Tashkent Pediatric Institute, Uzbekistan.

Summary

The article presents a modern view of the infusion therapy of the perioperative
period based on bioimpedansometry for anesthesia in children. An analysis of the
studies is carried out and the more vulnerable parts of the studied topic are indicated.
The tactics of work are set for further deeper study.

Key words:

bioimpedance analysis, anesthesiology, infusion therapy, children's

age.

Relevance

Infusion therapy in children with anesthetic management is a difficult task, since
their hydration status is difficult to assess.
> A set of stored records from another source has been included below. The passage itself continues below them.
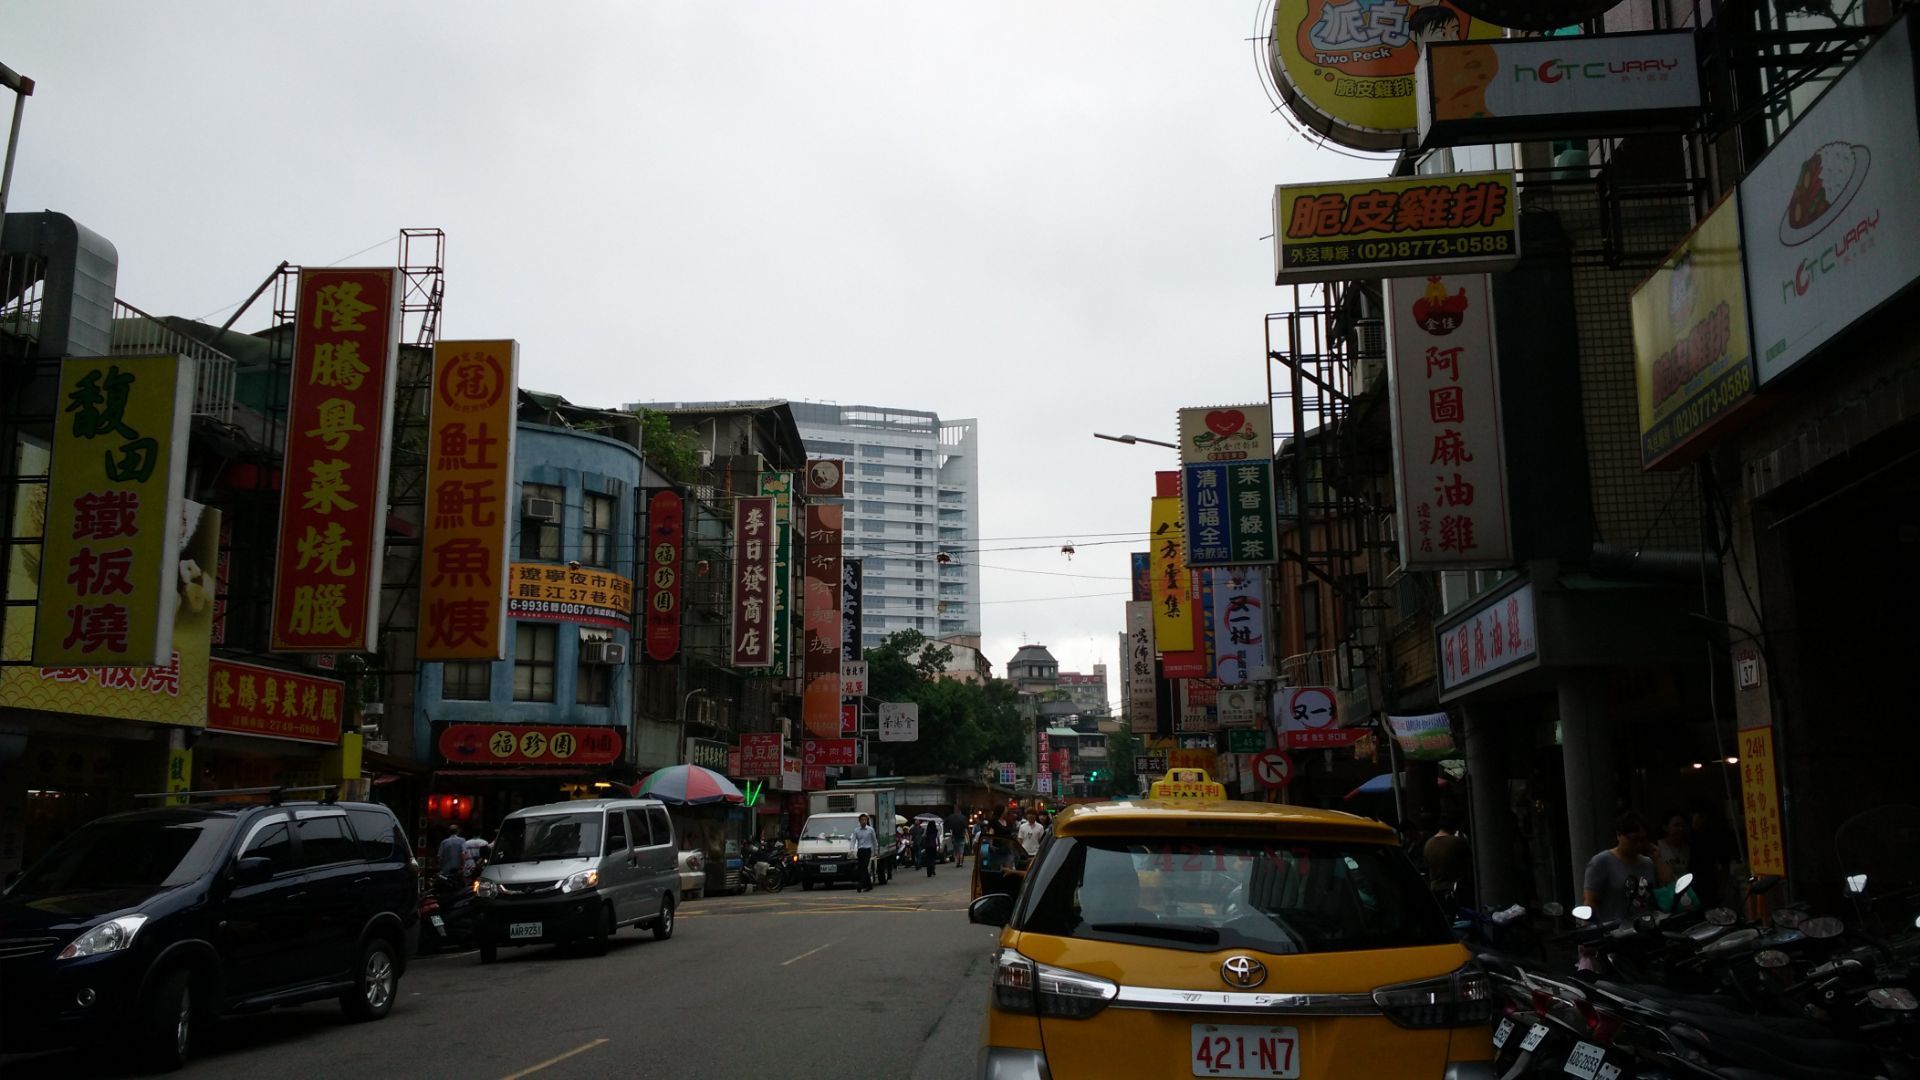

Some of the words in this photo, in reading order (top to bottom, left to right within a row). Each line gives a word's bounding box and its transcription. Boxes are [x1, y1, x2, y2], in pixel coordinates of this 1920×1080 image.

[1315, 52, 1348, 65] Two
[1353, 46, 1392, 62] Peck
[1335, 79, 1413, 98] 脆皮雞排
[1286, 181, 1507, 239] 脆皮雞排
[1358, 234, 1509, 261] (02)8773-0588
[288, 280, 378, 639] 隆騰粵菜燒臘
[1425, 346, 1478, 554] 阿圖麻油雞
[1196, 469, 1221, 546] 清心福全
[1236, 466, 1266, 559] 茉香綠茶
[62, 491, 140, 653] 鐵板燒
[212, 669, 338, 723] 隆騰粵菜燒臘
[1743, 664, 1753, 683] 37
[492, 732, 571, 756] 福珍園
[1746, 736, 1766, 759] 24H
[1196, 1035, 1295, 1071] 421-N7
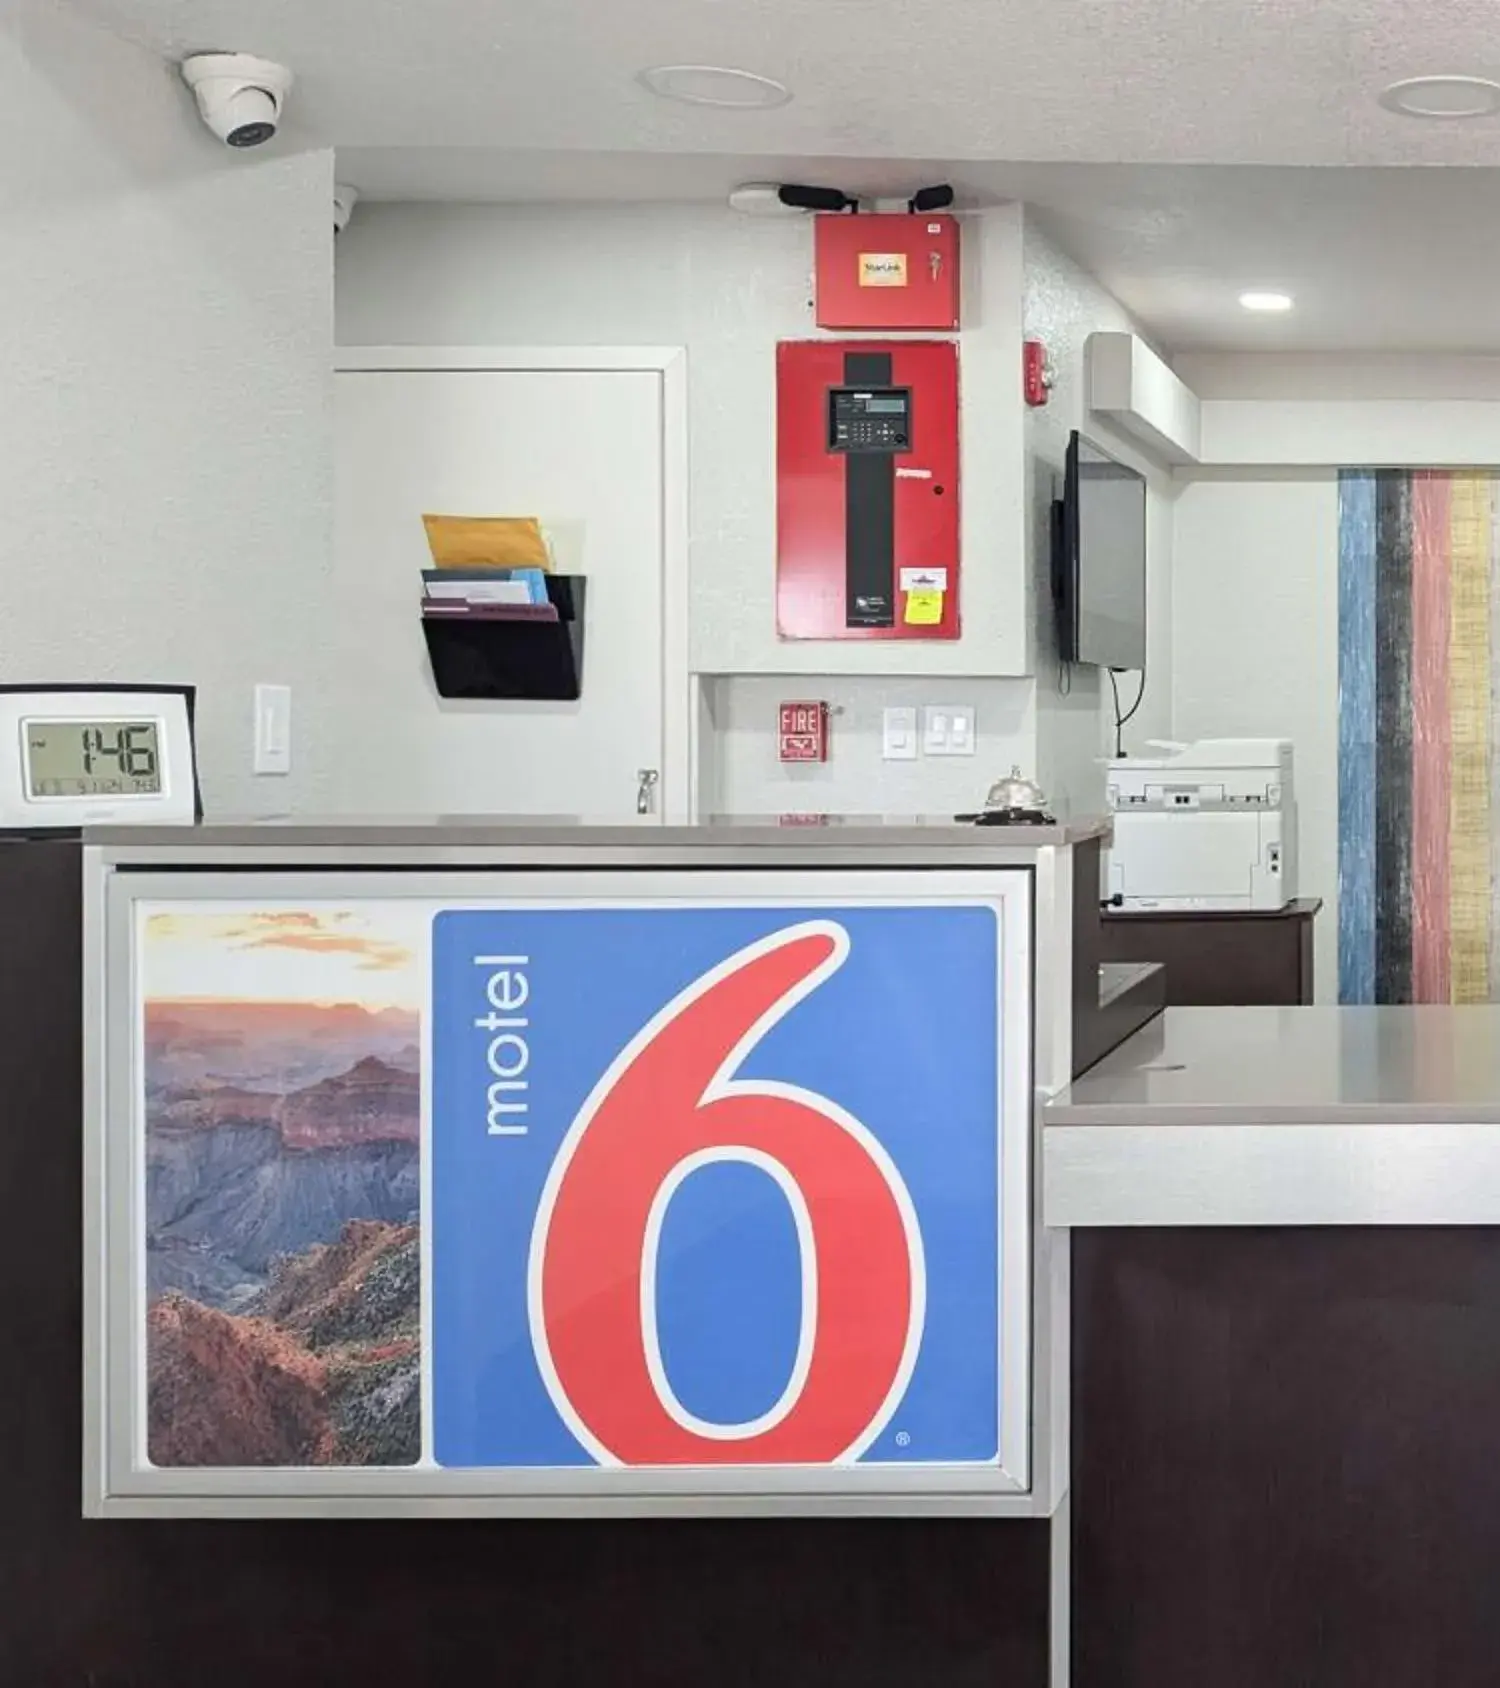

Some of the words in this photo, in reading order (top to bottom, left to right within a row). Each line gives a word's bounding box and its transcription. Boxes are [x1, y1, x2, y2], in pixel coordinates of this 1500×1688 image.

Markers such as invasive are widely used,
the resulting intravascular pressure is recognized to have serious deficiencies as a
measure of hydration and does not provide any information about the extravascular
or intracellular state of the fluid. Many methods are invasive, which makes them not
applicable in pediatric practice. Modern medicine requires non-invasive but precise
methods.
In the whole world medicine at the moment one of the important problems is infusion
therapy. By the beginning of the XXI century in Europe and the USA, the main
provisions of a multidisciplinary method for accelerated recovery of surgical
patients after elective operations were formulated. A new concept has appeared in
the English-language literature, denoted by two terms: "Fast-Track Surgery" (FTS)
and "accelerated recovery after surgical operations" (Enhanced Recovery After
Surgery - ERAS). In these protocols, special attention is paid to fluid therapy and
perioperative fasting. should be emphasized that fasting before surgery, starting at
midnight, has become firmly established in clinical practice. This approach was
justified by the risk of food and water retention in the stomach with the subsequent
occurrence of regurgitation and aspiration during induction of anesthesia. The side
effects of such a limitation are obvious: the possibility of hypovolemia, depletion of
glycogen stores and hypoglycemia, metabolic stress, which led to the emergence of
the above mentioned protocols in world practice and a more detailed study of this
issue.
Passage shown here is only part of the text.